MATERIALS AND METHODS
Sampling.
From May 2014 to August 2016, a total of 1,340 vegetable samples (300 g/sample), including 317 cucumber, 273 lettuce, 258 tomatoes, 256 carrot, and 236 bean sprout samples, were randomly collected from 20 farmers markets and 15 supermarkets located in five districts (Baiyun, Tianhe, Haizhu, Yuexiu, and Liwan) of Guangzhou. Samples were collected using a sterile sampling bag and were transported to the laboratory in a cold box within 4 h. Sampling date, sampling location, and other data were recorded.
Bacterial recovery and identification and detection of antimicrobial resistance genes.

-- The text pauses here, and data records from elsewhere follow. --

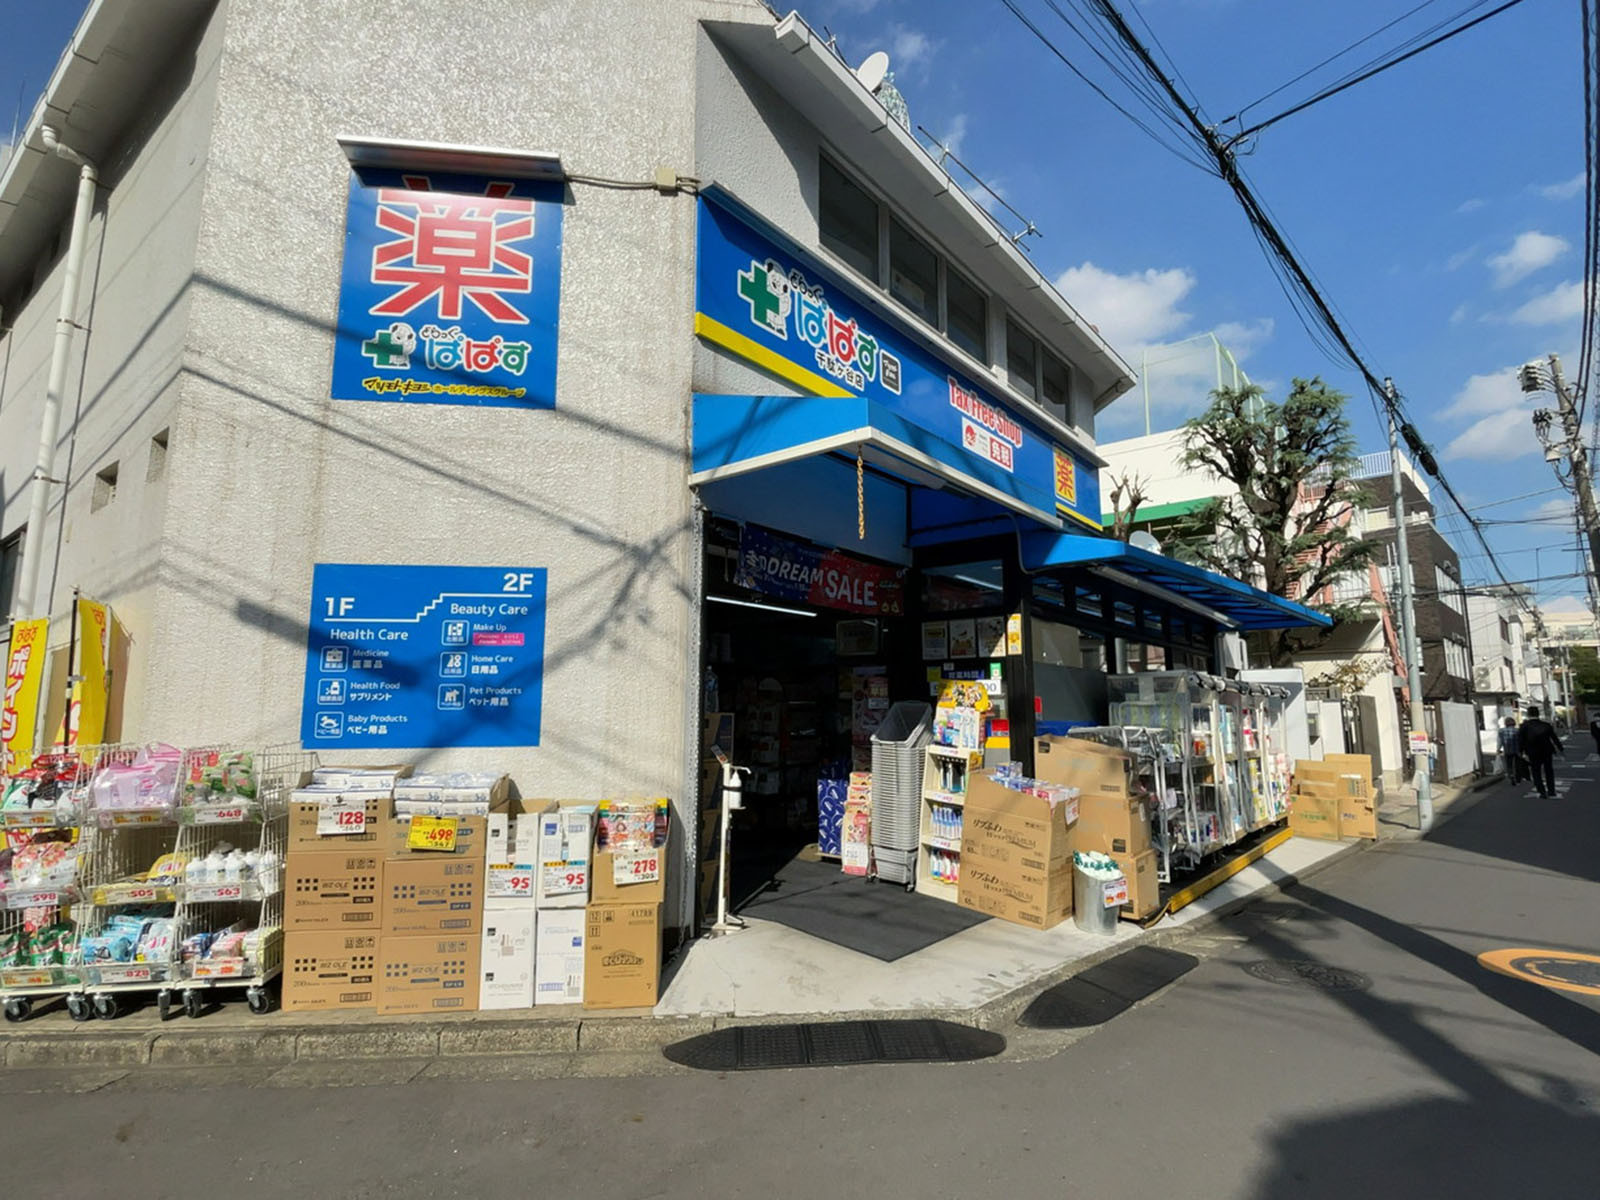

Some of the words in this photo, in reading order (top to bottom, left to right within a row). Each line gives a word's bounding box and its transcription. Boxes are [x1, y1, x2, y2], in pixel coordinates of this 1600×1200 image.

[369, 175, 536, 324] 薬
[421, 326, 460, 340] どらっぐ
[796, 290, 877, 379] ぱぱす
[427, 335, 531, 374] ぱぱす
[949, 377, 970, 412] Tax
[970, 391, 995, 429] Free
[996, 409, 1021, 447] Shop
[1055, 450, 1074, 499] 薬
[503, 573, 533, 592] 2F
[825, 568, 879, 607] SALE
[324, 597, 355, 616] 1F
[450, 603, 494, 617] Beauty
[499, 604, 528, 615] Care
[330, 628, 374, 640] Health
[378, 629, 409, 640] Care
[473, 623, 493, 632] Make
[495, 624, 507, 632] Up
[352, 649, 390, 658] Medicine
[472, 655, 492, 664] Home
[494, 655, 514, 664] Care
[471, 665, 499, 674] 日用品
[350, 682, 378, 690] Health
[380, 682, 401, 690] Food
[469, 686, 483, 695] Pet
[485, 686, 522, 695] Products
[348, 715, 371, 724] Baby
[372, 715, 408, 723] Products
[346, 725, 388, 735] ベビー用品
[339, 811, 364, 825] 128
[429, 828, 453, 840] 498
[634, 859, 657, 874] 278
[511, 876, 529, 889] 95
[565, 873, 585, 885] 95
[217, 888, 240, 897] 563

The samples were washed with sterilized deionized water. The middle parts of cucumber, tomato, and carrot samples, the leaf part of lettuce samples, and the cotyledon part of bean sprout samples were selected for further treatment. Each sample was cut into small sections of 0.1 to 0.5 cm. Then, about 2 to 3 g of sample was placed into 4 ml sterilized LB broth medium for enrichment cultivation at 37°C for approximately 16 to 18 h. Bacterial liquid was incubated on CHROMagar ESBL medium (CHROMagar Microbiology, Paris, France) to select ESBL-producing Enterobacterales. The colonies suspected the be ESBL producers were selected and identified by matrix-assisted laser desorption ionization–time of flight mass spectrometry (MALDI-TOF MS) (Shimadzu, Japan), and some were confirmed by 16S rRNA sequencing. Only a single isolate of the same species was isolated from each vegetable sample. A total of 233 ESBL-producing Enterobacterales isolates, including K. pneumoniae (n = 160), E. coli (n = 28), Enterobacter cloacae (n = 15), C. freundii (n = 7), R. ornithinolytica (n = 3), and others (n = 20), were recovered from vegetable samples (lettuce samples, n = 80; cucumber samples, n = 41; carrot samples, n = 54; bean sprout samples, n = 25; tomato samples, n = 33). All 233 isolates were screened for the presence of fosfomycin resistance genes using PCR and DNA sequencing (primers are listed in Table S1 in the supplemental material). The fosA3-positive strains were also evaluated for the presence of blaCTX−M (CTX-M-1 and CTX-M-9 groups), blaCMY-2, rmtB, and floR using PCR (primers are listed in Table S1). The genotype of blaCTX−M was confirmed by DNA sequencing.Primers and probes used in the study. Download Table S1, DOC file, 0.04 MB.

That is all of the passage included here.